The principal closed his eyes, rubbing his temples like this was just some headache he didn't want to deal with.
"Jiwon's family," the principal said quietly, "are major donors to this school. There is no reason for them to lie."
Jaeho stared at him in disbelief .
"So that's it? You're just going to ignore what happened?" Jaeho was finally crashing out.
The principal didn't answer.
Jiwon's mother stood up, expression ice cold.
"My son told me everything. You attacked him unprovoked. Broke his nose. He's traumatized," she said sharply.
"That's a lie-!" Jaeho was interrupted.
"We'll be pressing charges," she cut him off. "Unless you apologize. Right now."
Jaeho looked at the principal. At Jiwon, at his mother.
The woman wore tailored silk blouses that clung to her flat chest, the fabric hinting at what was underneath, drawing eyes down to where her real curves started. Wide hips flaring out from a narrow waist in a way that made men uncomfortable. Her ass strained against her pencil skirt.
Jaeho lowered his head because he knew at the end of the day, it was money that ruled the world. He couldn't seek justice when he was against the rich, they would sway those around them.
"I'm sorry for hurting your son," he forced out an apology after weighing the consequences.

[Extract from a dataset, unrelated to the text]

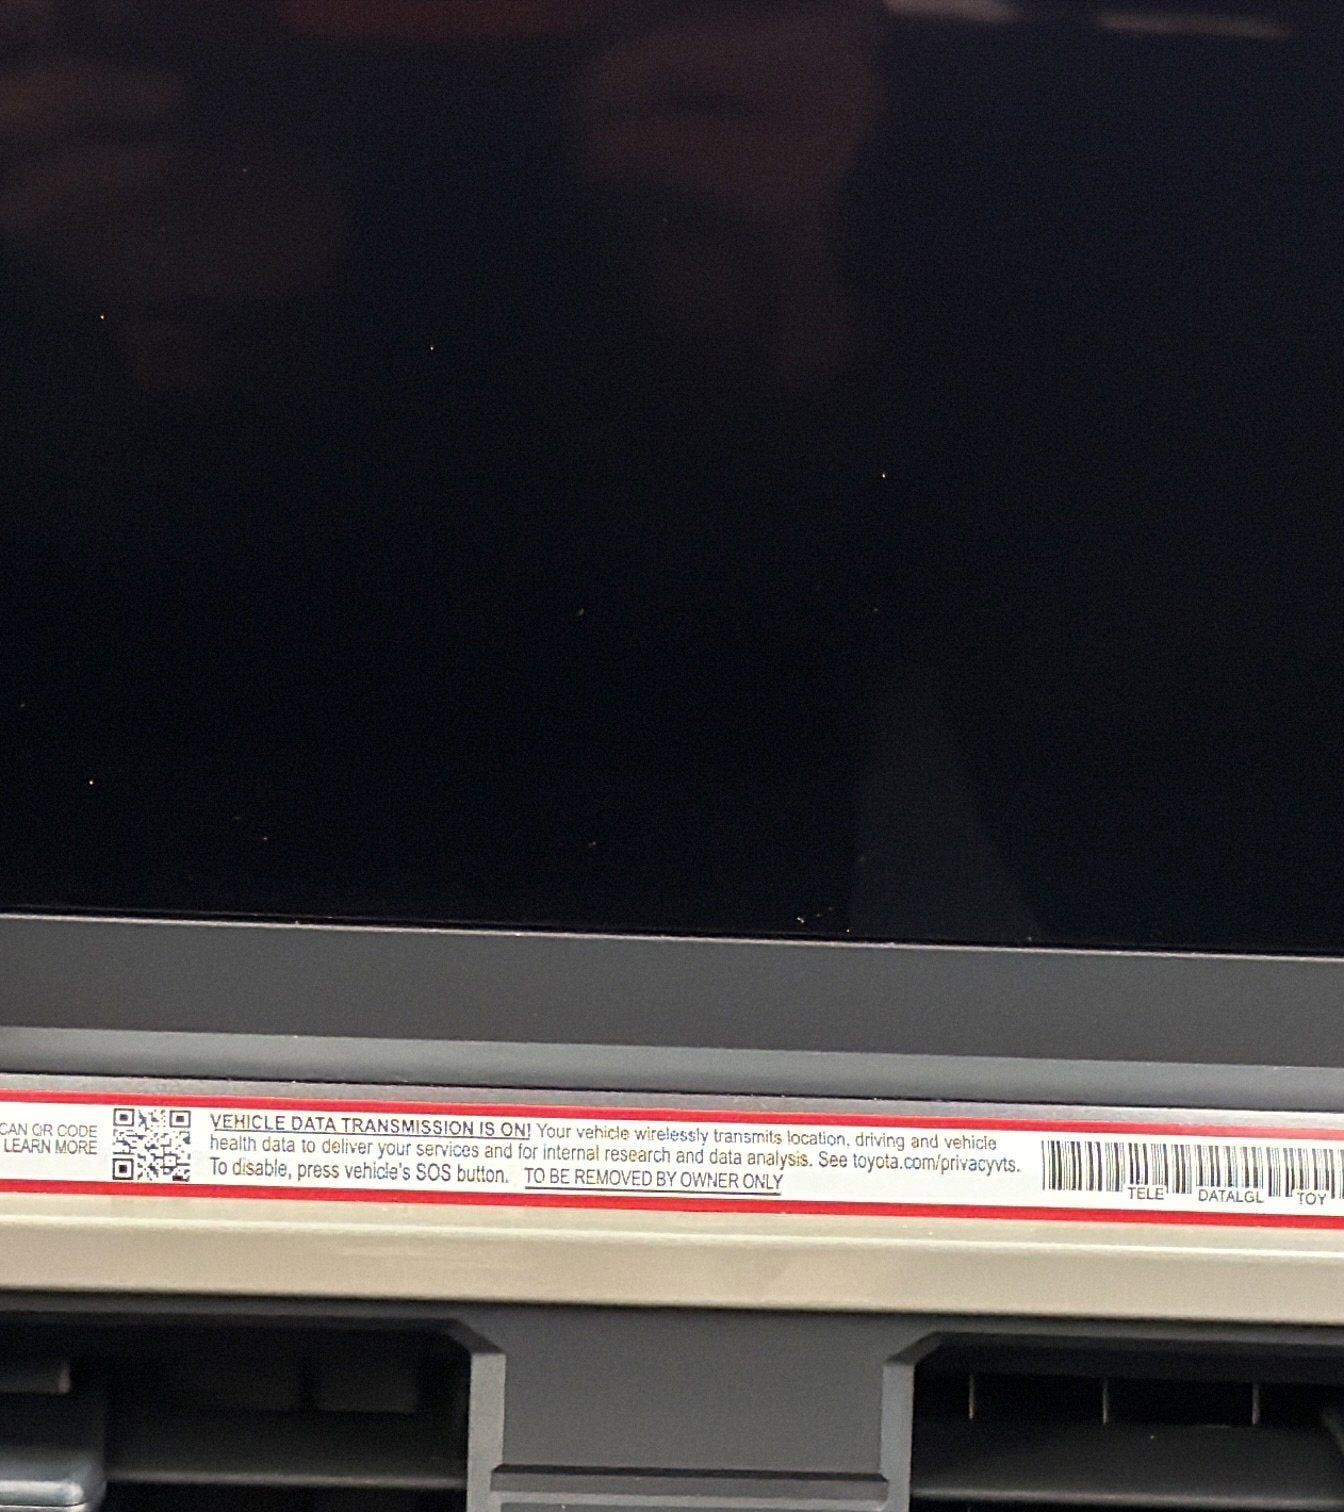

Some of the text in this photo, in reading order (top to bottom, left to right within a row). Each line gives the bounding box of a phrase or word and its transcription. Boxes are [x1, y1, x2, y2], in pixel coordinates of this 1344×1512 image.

The words tasted like poison. He had tolerated them this long for a reason after all.
"An apology isn't enough," Mrs. Choi said coldly.

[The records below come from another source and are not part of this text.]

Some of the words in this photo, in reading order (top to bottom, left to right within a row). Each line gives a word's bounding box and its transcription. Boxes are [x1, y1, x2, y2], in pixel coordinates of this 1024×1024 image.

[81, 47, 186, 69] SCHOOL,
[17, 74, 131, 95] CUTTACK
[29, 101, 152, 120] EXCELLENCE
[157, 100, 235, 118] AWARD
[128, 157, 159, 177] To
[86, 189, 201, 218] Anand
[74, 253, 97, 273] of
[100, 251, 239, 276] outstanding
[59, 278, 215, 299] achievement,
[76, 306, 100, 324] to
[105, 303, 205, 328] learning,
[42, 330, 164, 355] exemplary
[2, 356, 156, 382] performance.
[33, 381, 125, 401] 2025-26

"Then let me work it off," Jaeho said. "At your house. Weekends. Whatever you need. Just don't press charges," Jaeho pleaded but this request was for a plan he thought of at the stop.
Mrs. Choi's eyes narrowed, then she smiled like a sadist, Jaeho instantly knew where her child inherited his wickedness from.

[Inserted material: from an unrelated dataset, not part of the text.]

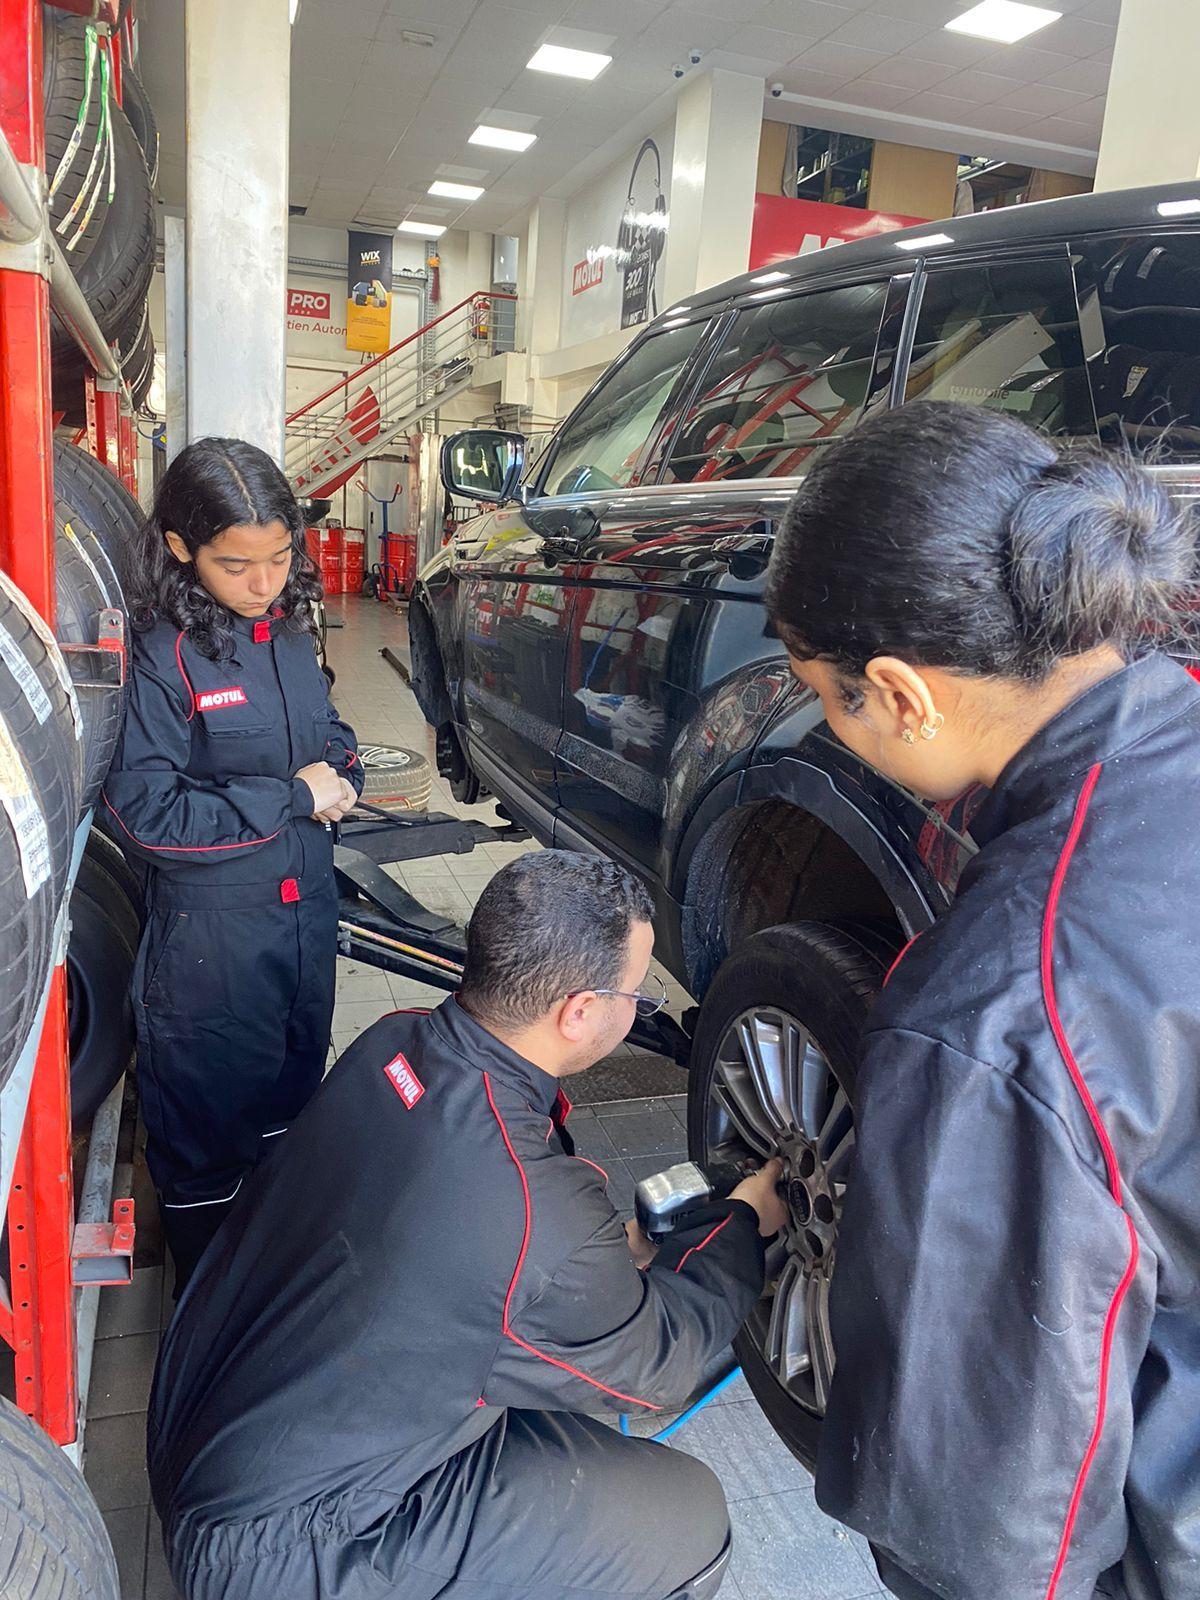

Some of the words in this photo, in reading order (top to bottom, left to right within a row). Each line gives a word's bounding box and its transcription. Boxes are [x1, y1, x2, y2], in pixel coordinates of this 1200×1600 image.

[361, 250, 380, 261] WIX
[291, 293, 327, 310] PRO
[200, 689, 245, 708] MOTUL
[389, 1060, 419, 1104] MOTUL

"Fine. Four hours each weekend. Step out of line once, and I go to the police."
"Understood," Jaeho responded before she left with Jiwon.
Jaeho stood there, mind already spinning.
He knew they wouldn't touch him again because he had shown what he was capable of, but also because all eyes would be on them now.
Mrs. Choi. Early forties. Wealthy. Attractive. A MILF.
He made up his mind.
He was going to use her in ways she didn't even think possible. If he couldn't fuck up her son's life, he was going to fuck her.
[Ding!]
[The host can use his rebate on any MILF he finds attractive, the naughtier the things he gets, the bigger the rebate!]
The system informed him right away, showing she met the qualification.